Records from a data collection:
____________________
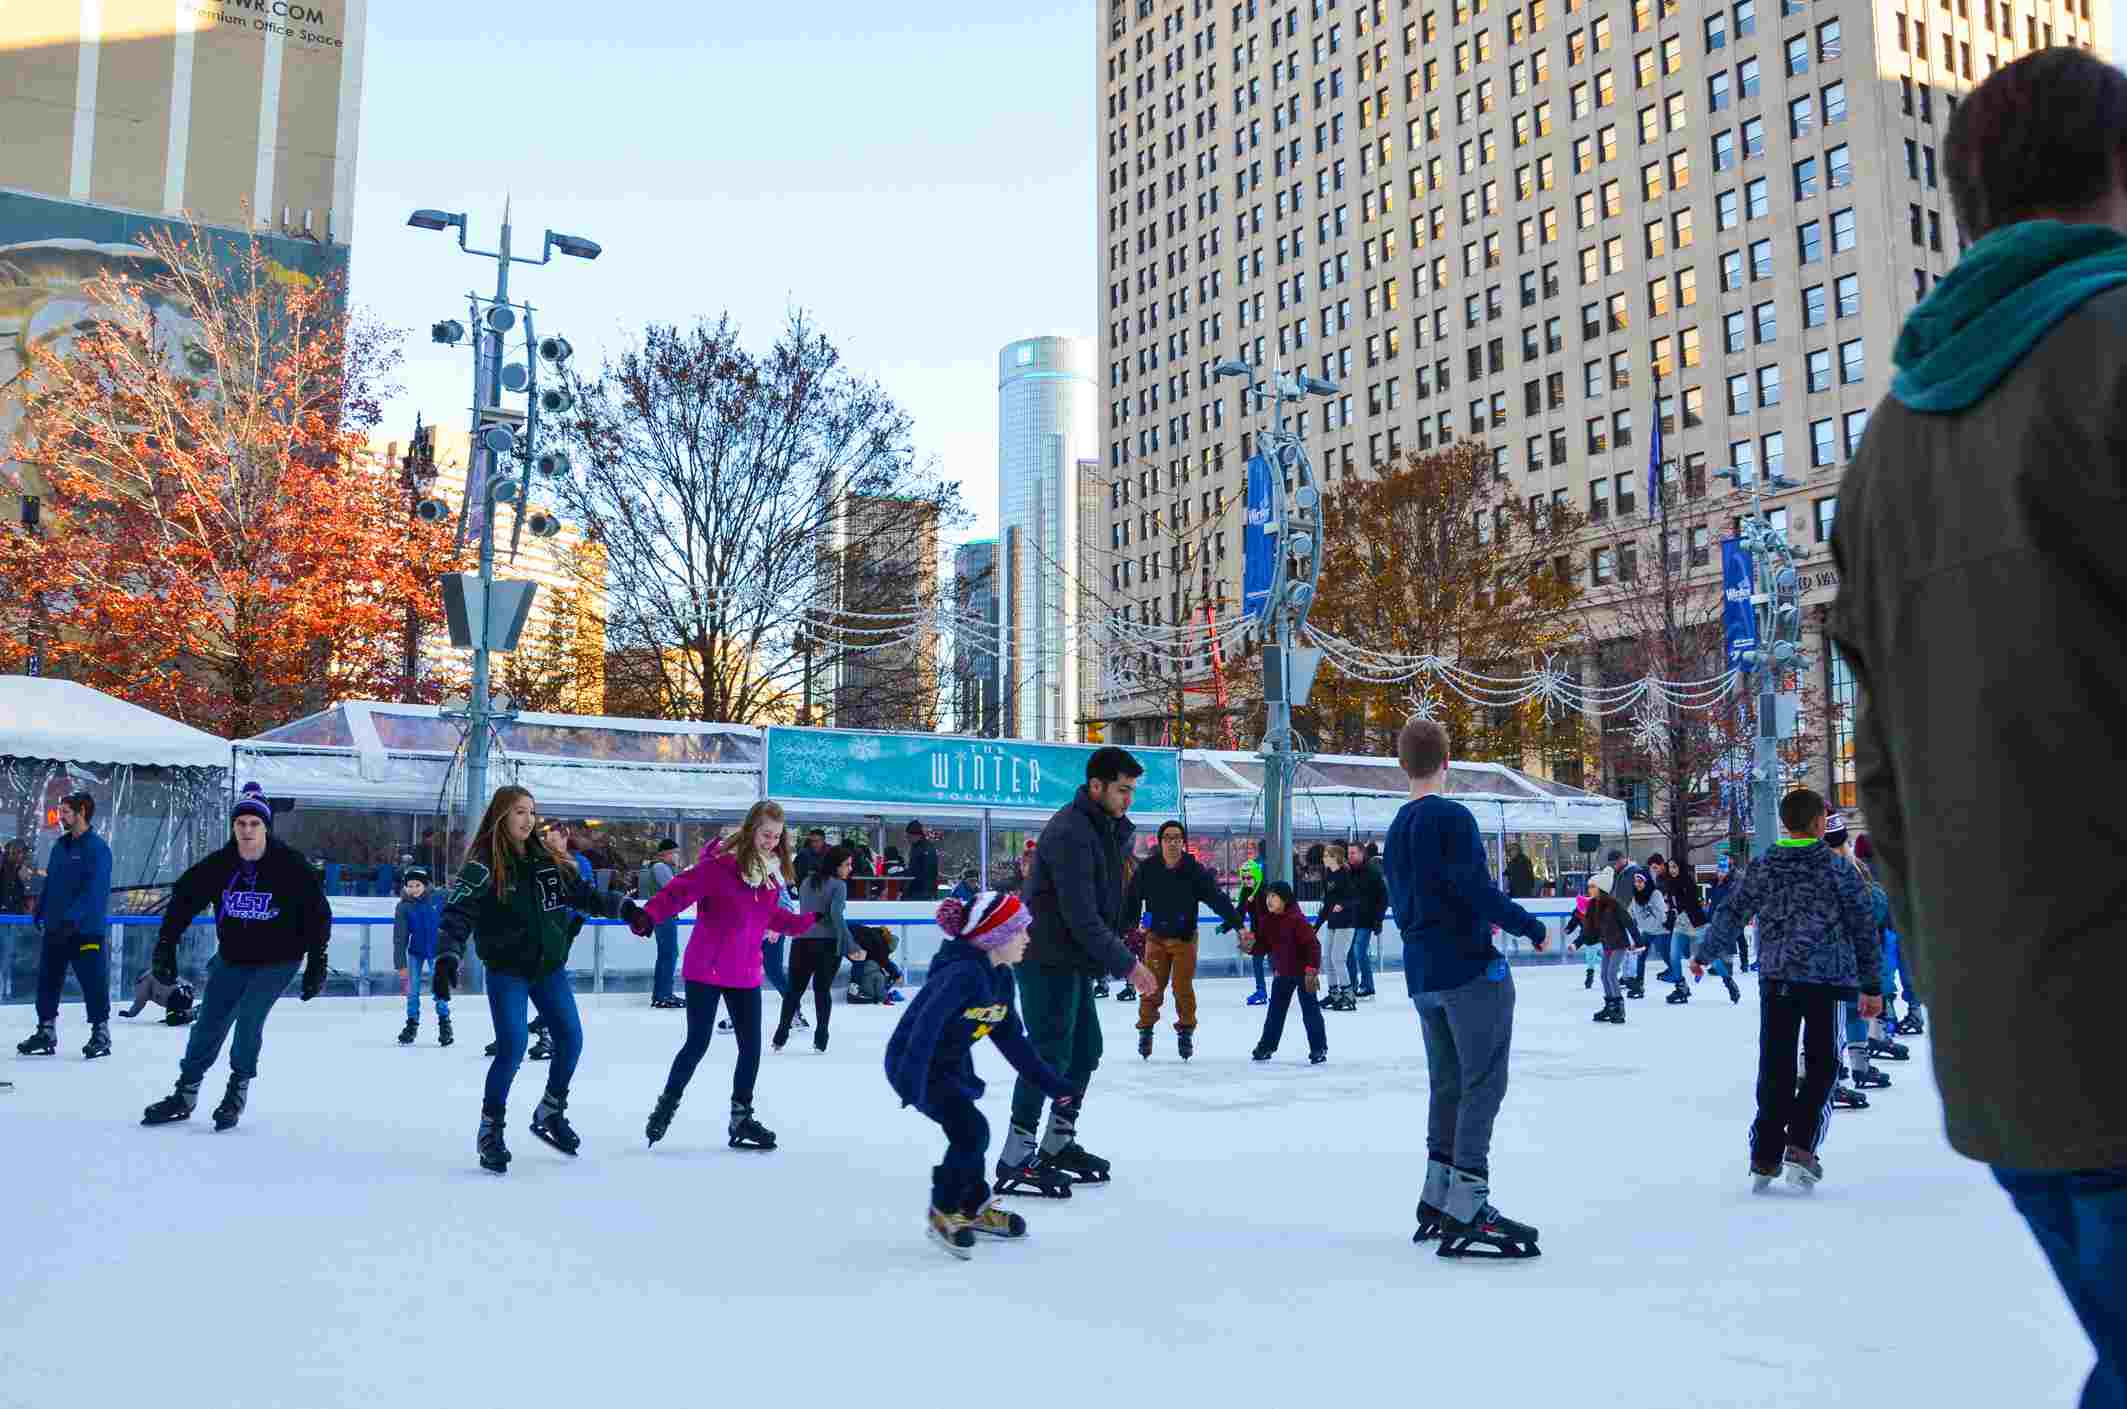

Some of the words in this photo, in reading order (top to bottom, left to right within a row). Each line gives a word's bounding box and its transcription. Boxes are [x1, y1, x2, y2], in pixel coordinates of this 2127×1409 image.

[255, 19, 294, 37] Office
[299, 30, 344, 48] Space
[931, 751, 1040, 793] WINTER
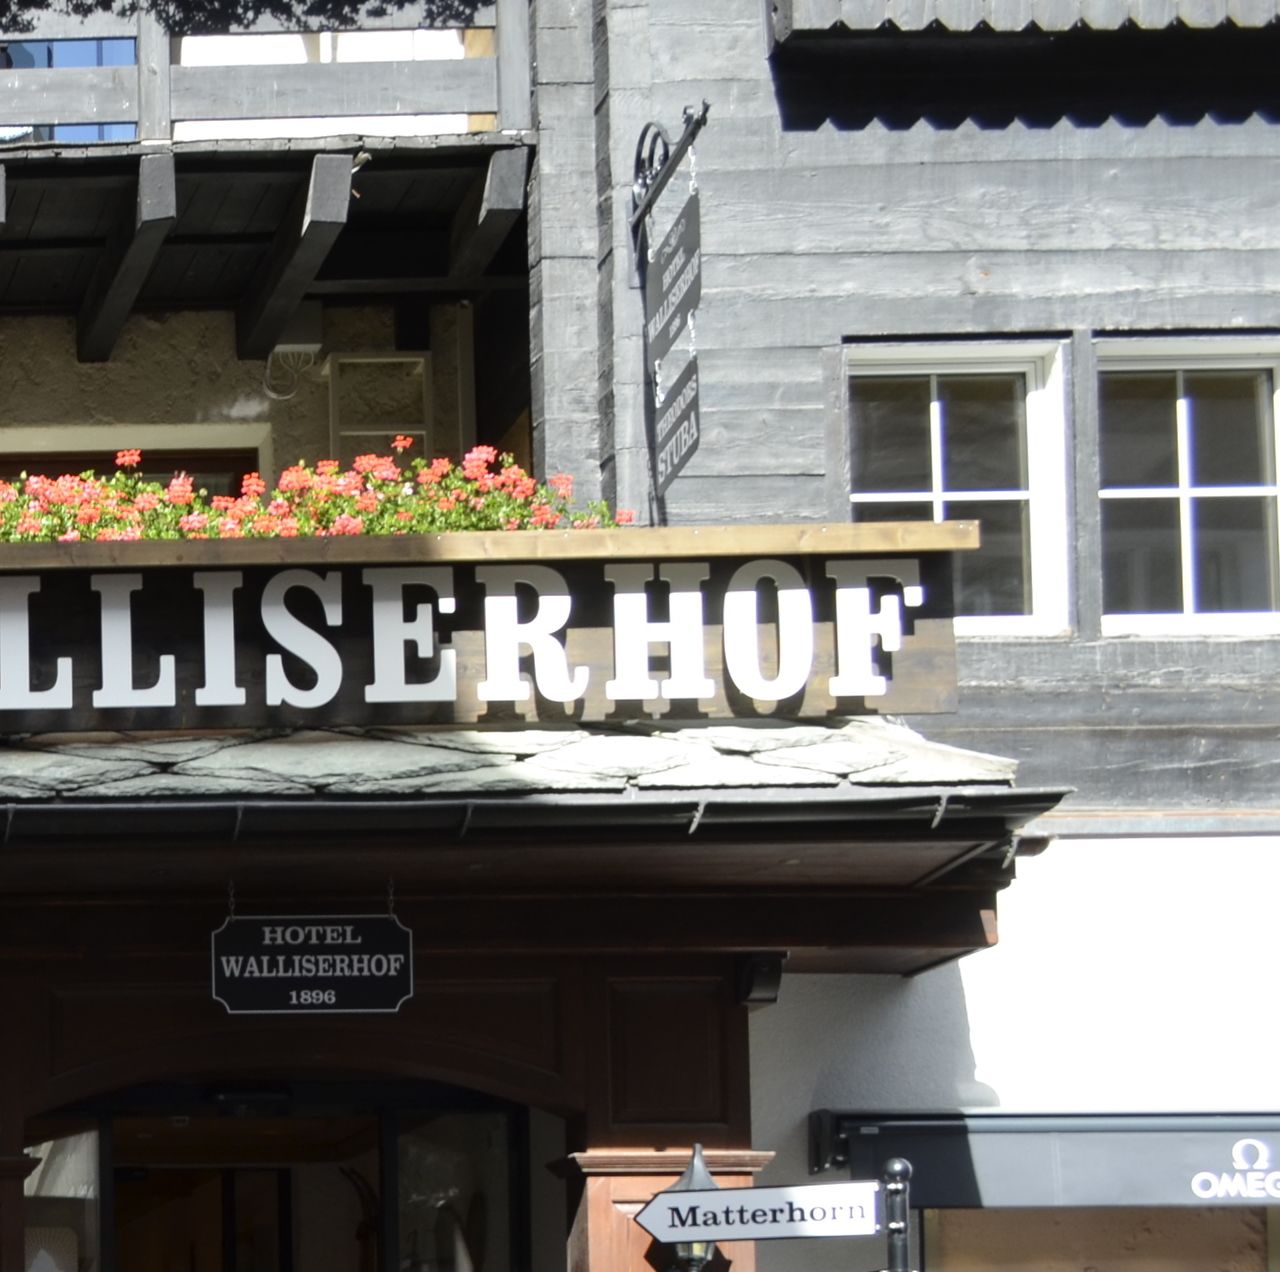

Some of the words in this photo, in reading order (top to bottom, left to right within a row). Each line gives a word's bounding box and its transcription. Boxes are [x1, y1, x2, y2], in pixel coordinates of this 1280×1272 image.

[657, 410, 698, 484] STUBA
[260, 922, 362, 944] HOTEL
[220, 954, 403, 982] WALLISERHOF
[288, 986, 334, 1004] 1896
[1190, 1172, 1280, 1198] OMEG
[667, 1200, 868, 1229] Matterhorn
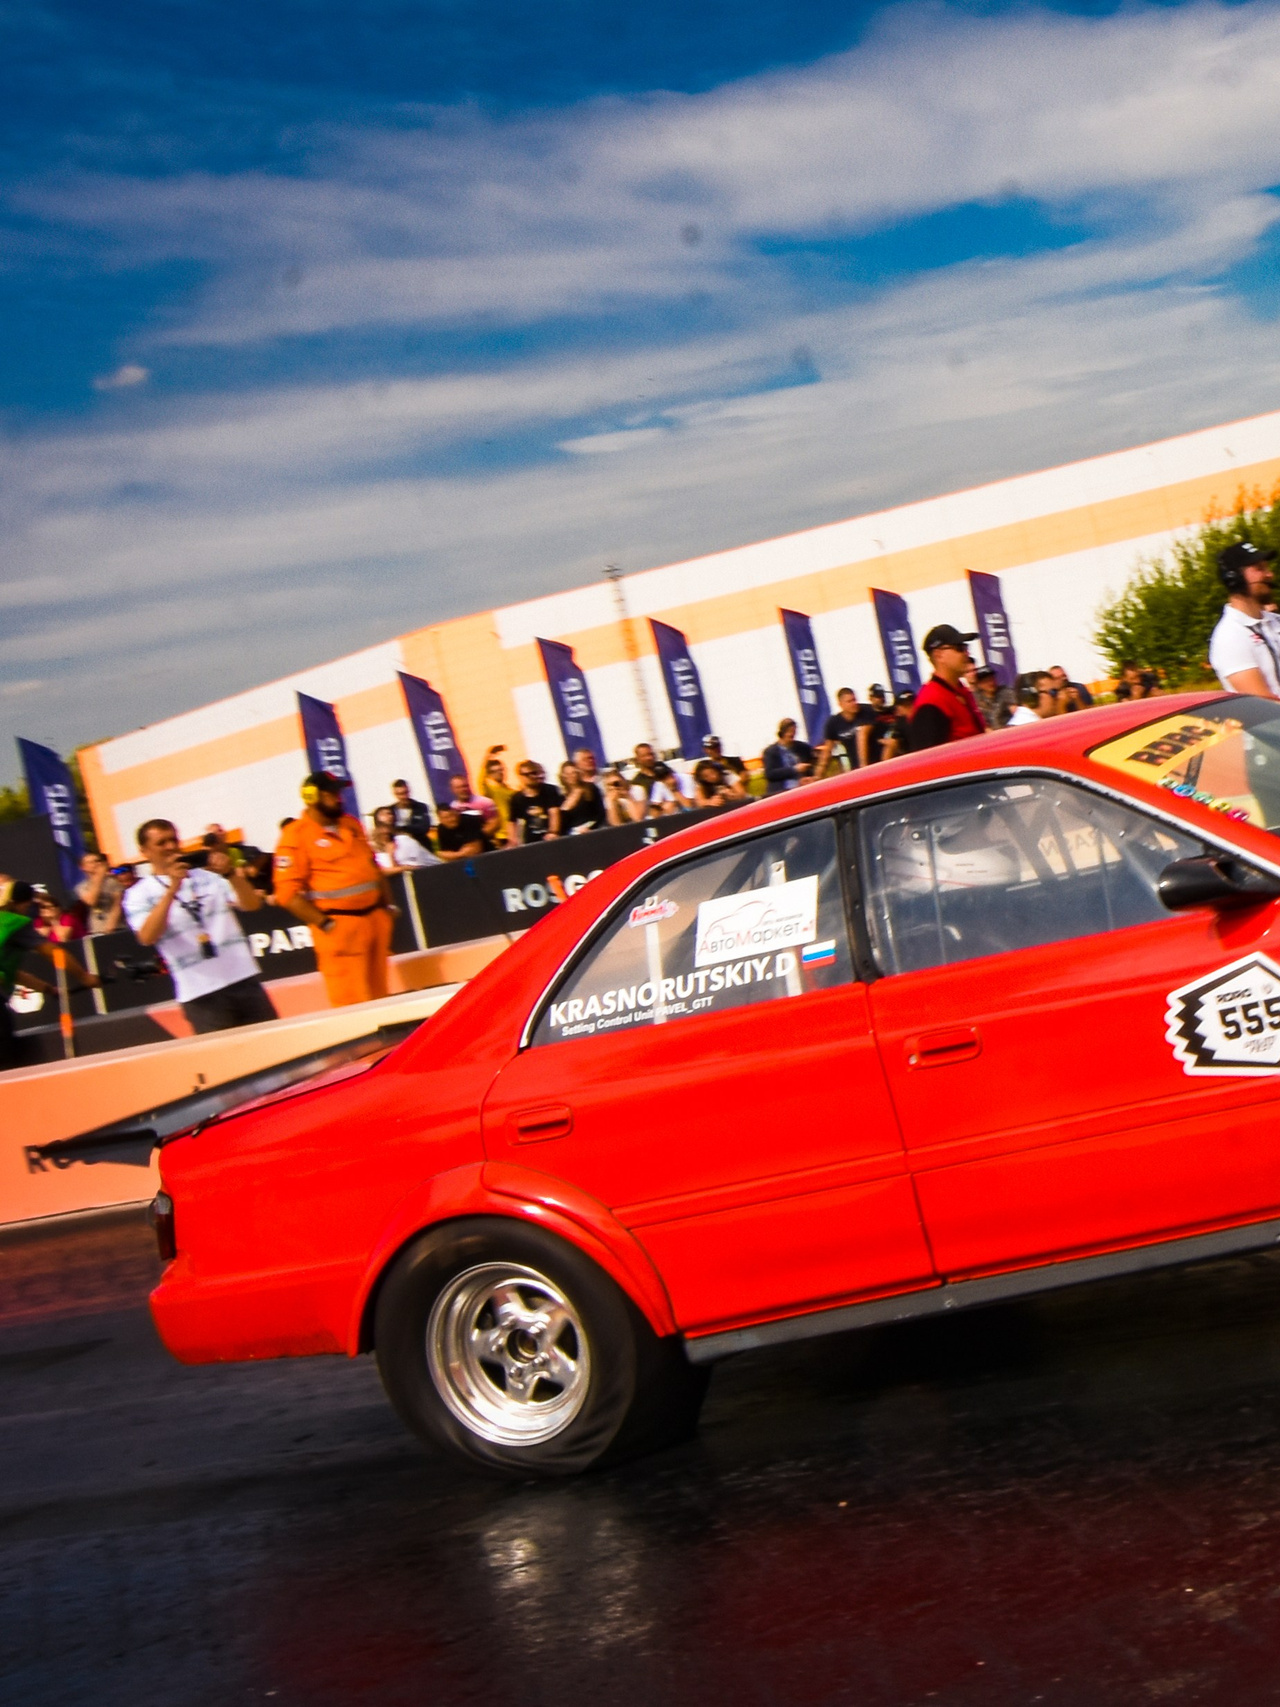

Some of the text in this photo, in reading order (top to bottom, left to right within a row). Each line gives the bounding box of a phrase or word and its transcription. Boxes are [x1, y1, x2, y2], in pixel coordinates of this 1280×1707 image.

[889, 629, 915, 666] ВТБ
[984, 612, 1010, 649] ВТБ
[671, 657, 699, 698] ВТБ
[799, 648, 822, 687] ВТБ
[560, 677, 589, 719] ВТБ
[422, 710, 455, 752] ВТБ
[549, 951, 796, 1027] KRASNORUTSKIY.D
[561, 1018, 595, 1036] Setting
[597, 1013, 632, 1029] Control
____________________
» WORK INSTRUCTION: Please print each entry exactly as it stands, without the pictures.

» SOLUTION TO THIS EXERCISE:
Some of the words in this photo, in reading order (top to bottom, left to right within a row). Each line gives a word's bounding box and its transcription. Boxes are [x1, y1, x2, y2], in pixel coordinates of this 2127×1409 image.

[255, 19, 294, 37] Office
[299, 30, 344, 48] Space
[931, 751, 1040, 793] WINTER

Some of the words in this photo, in reading order (top to bottom, left to right within a row). Each line gives a word's bounding box and its transcription. Boxes are [x1, y1, x2, y2], in pixel coordinates of this 1280×1272 image.

[657, 410, 698, 484] STUBA
[260, 922, 362, 944] HOTEL
[220, 954, 403, 982] WALLISERHOF
[288, 986, 334, 1004] 1896
[1190, 1172, 1280, 1198] OMEG
[667, 1200, 868, 1229] Matterhorn

Some of the text in this photo, in reading order (top to bottom, left to right within a row). Each line gives the bounding box of a phrase or word and its transcription. Boxes are [x1, y1, x2, y2], in pixel coordinates of this 1280×1707 image.

[889, 629, 915, 666] ВТБ
[984, 612, 1010, 649] ВТБ
[671, 657, 699, 698] ВТБ
[799, 648, 822, 687] ВТБ
[560, 677, 589, 719] ВТБ
[422, 710, 455, 752] ВТБ
[549, 951, 796, 1027] KRASNORUTSKIY.D
[561, 1018, 595, 1036] Setting
[597, 1013, 632, 1029] Control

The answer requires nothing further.